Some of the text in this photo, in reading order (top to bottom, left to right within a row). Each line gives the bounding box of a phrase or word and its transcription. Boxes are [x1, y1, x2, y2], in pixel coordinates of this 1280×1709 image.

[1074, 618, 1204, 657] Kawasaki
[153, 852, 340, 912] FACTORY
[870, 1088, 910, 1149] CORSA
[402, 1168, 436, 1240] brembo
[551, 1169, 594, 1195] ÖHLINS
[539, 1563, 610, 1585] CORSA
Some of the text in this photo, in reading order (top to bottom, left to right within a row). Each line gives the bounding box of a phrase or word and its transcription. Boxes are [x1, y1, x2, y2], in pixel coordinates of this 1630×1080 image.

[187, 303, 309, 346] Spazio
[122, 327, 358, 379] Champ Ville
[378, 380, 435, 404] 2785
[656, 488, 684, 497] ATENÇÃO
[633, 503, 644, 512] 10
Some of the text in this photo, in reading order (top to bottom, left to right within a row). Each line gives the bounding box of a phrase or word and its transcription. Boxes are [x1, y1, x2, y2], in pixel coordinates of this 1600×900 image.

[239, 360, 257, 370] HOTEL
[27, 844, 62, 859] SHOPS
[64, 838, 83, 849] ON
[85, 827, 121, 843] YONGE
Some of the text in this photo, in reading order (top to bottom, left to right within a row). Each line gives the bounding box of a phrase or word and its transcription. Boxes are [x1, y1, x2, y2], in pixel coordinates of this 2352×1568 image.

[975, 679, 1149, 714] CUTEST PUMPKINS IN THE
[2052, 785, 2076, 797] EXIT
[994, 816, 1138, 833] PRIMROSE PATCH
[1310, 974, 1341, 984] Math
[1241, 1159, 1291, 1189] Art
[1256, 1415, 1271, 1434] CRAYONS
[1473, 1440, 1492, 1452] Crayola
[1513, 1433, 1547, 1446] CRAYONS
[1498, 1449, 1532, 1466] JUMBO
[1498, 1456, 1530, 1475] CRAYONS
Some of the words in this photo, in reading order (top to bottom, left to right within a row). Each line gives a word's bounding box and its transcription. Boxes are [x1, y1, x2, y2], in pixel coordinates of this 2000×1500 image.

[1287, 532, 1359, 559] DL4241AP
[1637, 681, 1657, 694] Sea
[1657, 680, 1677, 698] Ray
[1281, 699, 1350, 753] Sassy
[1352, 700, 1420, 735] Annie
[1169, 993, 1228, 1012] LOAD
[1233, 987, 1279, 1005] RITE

====================

* _TASK OBJECTIVE_
Each line of the material should be returned exactly as it stands.

* _EXPECTED ANSWER_
Some of the text in this photo, in reading order (top to bottom, left to right within a row). Each line gives the bounding box of a phrase or word and its transcription. Boxes are [x1, y1, x2, y2], in pixel coordinates of this 1280×1709 image.

[1074, 618, 1204, 657] Kawasaki
[153, 852, 340, 912] FACTORY
[870, 1088, 910, 1149] CORSA
[402, 1168, 436, 1240] brembo
[551, 1169, 594, 1195] ÖHLINS
[539, 1563, 610, 1585] CORSA
Some of the text in this photo, in reading order (top to bottom, left to right within a row). Each line gives the bounding box of a phrase or word and its transcription. Boxes are [x1, y1, x2, y2], in pixel coordinates of this 1630×1080 image.

[187, 303, 309, 346] Spazio
[122, 327, 358, 379] Champ Ville
[378, 380, 435, 404] 2785
[656, 488, 684, 497] ATENÇÃO
[633, 503, 644, 512] 10
Some of the text in this photo, in reading order (top to bottom, left to right within a row). Each line gives the bounding box of a phrase or word and its transcription. Boxes are [x1, y1, x2, y2], in pixel coordinates of this 1600×900 image.

[239, 360, 257, 370] HOTEL
[27, 844, 62, 859] SHOPS
[64, 838, 83, 849] ON
[85, 827, 121, 843] YONGE
Some of the text in this photo, in reading order (top to bottom, left to right within a row). Each line gives the bounding box of a phrase or word and its transcription. Boxes are [x1, y1, x2, y2], in pixel coordinates of this 2352×1568 image.

[975, 679, 1149, 714] CUTEST PUMPKINS IN THE
[2052, 785, 2076, 797] EXIT
[994, 816, 1138, 833] PRIMROSE PATCH
[1310, 974, 1341, 984] Math
[1241, 1159, 1291, 1189] Art
[1256, 1415, 1271, 1434] CRAYONS
[1473, 1440, 1492, 1452] Crayola
[1513, 1433, 1547, 1446] CRAYONS
[1498, 1449, 1532, 1466] JUMBO
[1498, 1456, 1530, 1475] CRAYONS
Some of the words in this photo, in reading order (top to bottom, left to right within a row). Each line gives a word's bounding box and its transcription. Boxes are [x1, y1, x2, y2], in pixel coordinates of this 2000×1500 image.

[1287, 532, 1359, 559] DL4241AP
[1637, 681, 1657, 694] Sea
[1657, 680, 1677, 698] Ray
[1281, 699, 1350, 753] Sassy
[1352, 700, 1420, 735] Annie
[1169, 993, 1228, 1012] LOAD
[1233, 987, 1279, 1005] RITE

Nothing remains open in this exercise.